Nigerian Oil Tycoon Kola Aluko Supports AfDB's $500 Million African Development Fund

By Nadya-Ruth Froesch
Kola Aluko, Ozwald Boateng and Jamie Foxx At NASDAQ. Image source: NASDAQ
Kola Aluko, Ozwald Boateng and Jamie Foxx At NASDAQ. Image source: NASDAQ

Nigerian oil magnate Kola Aluko and Ghanaian-born British fashion designer Ozwald Boateng were among dignitaries who joined the launch event of Africa50′s Project development vehicle, a $500 million African infrastructure project development fund founded by the African Development Bank (AfDB).

Oscar-winning actor and musician Jamie Foxx joined the two African businessmen, NASDAQ officials and AfDB executives at the NASDAQ in New York on Wednesday where they rang the opening bell to officially launch the fundraising for the fund.
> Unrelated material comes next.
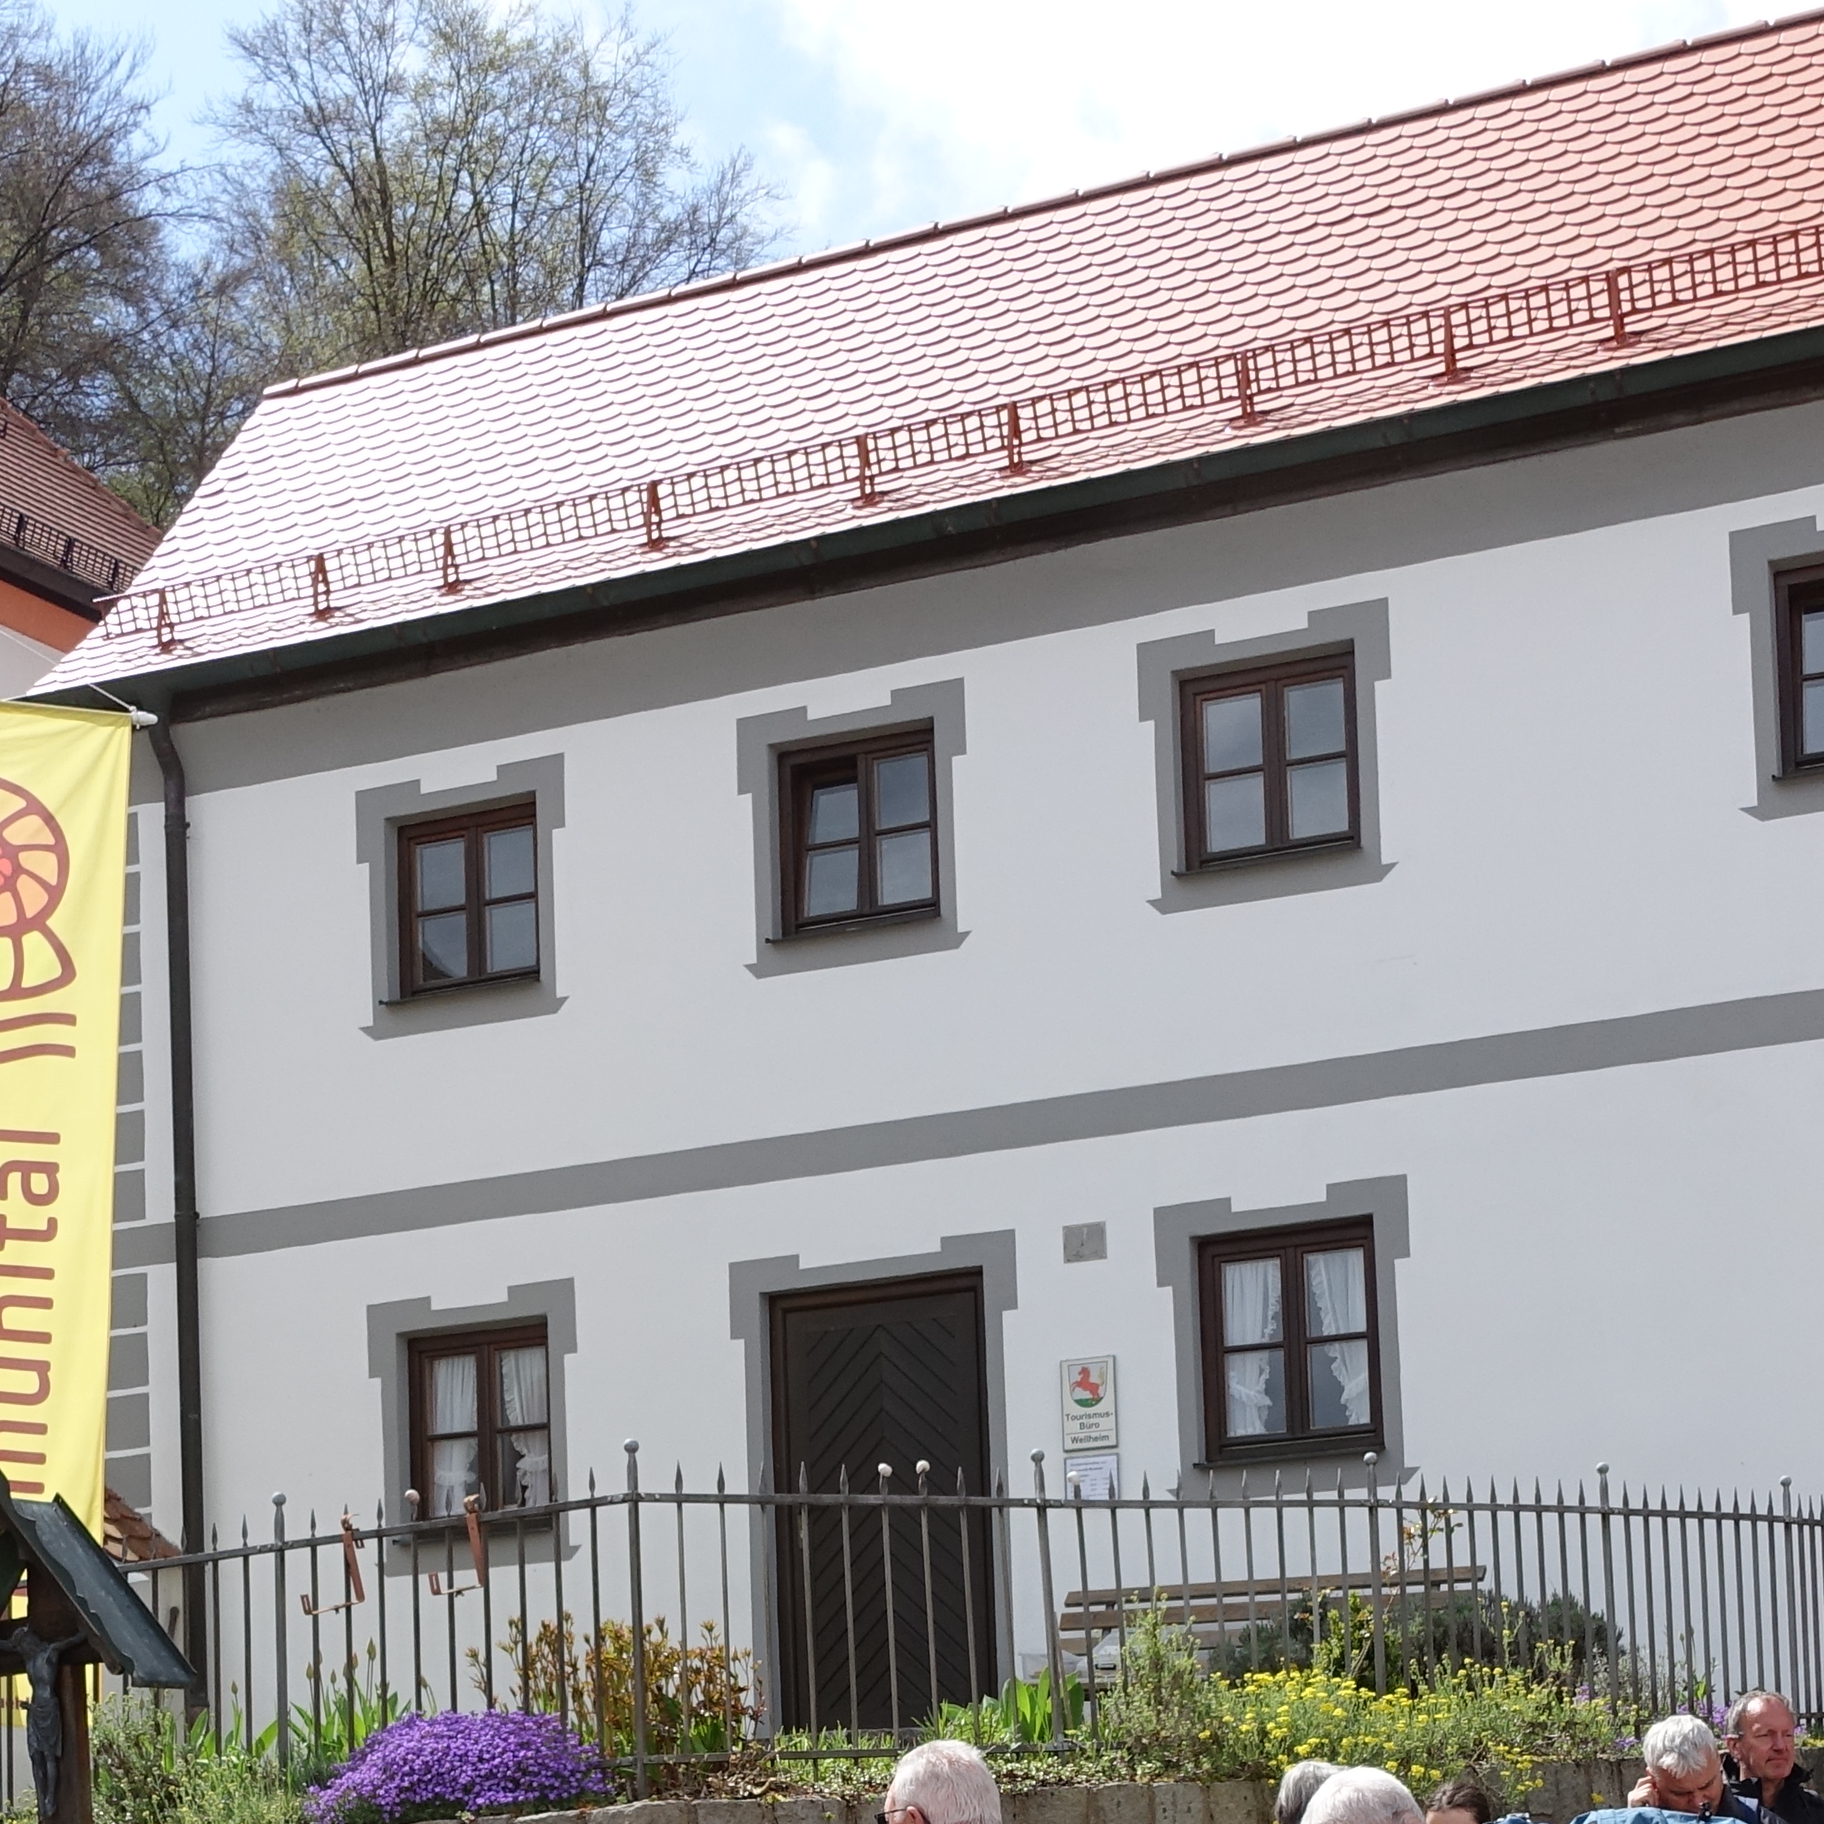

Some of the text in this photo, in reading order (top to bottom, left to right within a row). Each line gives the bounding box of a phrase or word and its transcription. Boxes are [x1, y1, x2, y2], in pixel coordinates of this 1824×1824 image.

Both Kola Aluko and Ozwald Boateng are founders of the Made In Africa Foundation (MIAF), a UK non-profit that supports and fund master plans and feasibility studies for transformational and large scale developments and infrastructure projects across the African continent. The MIAF is in a partnership with the African Development Bank to co-manage and market initiatives to attract new investment for the fund.

The $500 million African infrastructure project development fund was founded by the African Development Bank (AfDB) to fund feasibility studies of large-ticket infrastructure projects across sub-Saharan Africa.

The AfDB plans to attract investments from development finance institutions, pension funds, sovereign wealth funds and governments to the fund. Capri Global Capital, a US-based investment advisory founded by African-American fund manager Quintin E. Primo III, will work with the AfDB and MIAF in raising the additional capital.

The alliance between MIAF and AfDB aims to raise $500 million for Africa50's project development arm by the first half of 2014. The money will be used to fund feasibility studies of large-scale infrastructure projects. The AfDB eventually plans to raise a $10 billion project finance fund.

Kola Aluko, a successful Nigerian oilman, has said in the past that the solution to Africa's problems is not charity in terms of building schools or hospitals, which sometimes are not sustainable. “These projects happen and then they are left in incapable hands and they are not commercially driven. As a consequence, most of them will go on for as long as the money has been given lasts and beyond that they slowly dilapidate and slowly die,” he said on an online broadcast available here.

Aluko and Boateng set out to provide a catalyst for African development and growth by focusing on commercially viable infrastructure projects in Africa.

“Infrastructure drives growth. If we focus on the big infrastructure projects- power, good roads, railways – then we will be creating an enabling environment for entrepreneurs in other areas of endeavor which are non-infrastructure,” Aluko said in the online broadcast.

Re-emphasizing the need for such an investment, Ozwald Boateng, a co-founder of MIAF, reiterated that Africa could not properly compete without the infrastructure that would drive trade. “Clearly as Africans to compete we need the roads and rail, telecommunications and urban environments that stimulate and ensure trade,” Boateng said in a statement.

Aluko is a wealthy Nigerian businessman with interests in the energy and private aviation industries. He is a founder of Fossil Resources, an oil trading company, and Atlantic Energy, a private Nigerian upstream oil and gas company. He also serves as a member of the advisory board for Swiss luxury aviation company Vistajet and drives for the Swiss car racing team, Kessel Racing.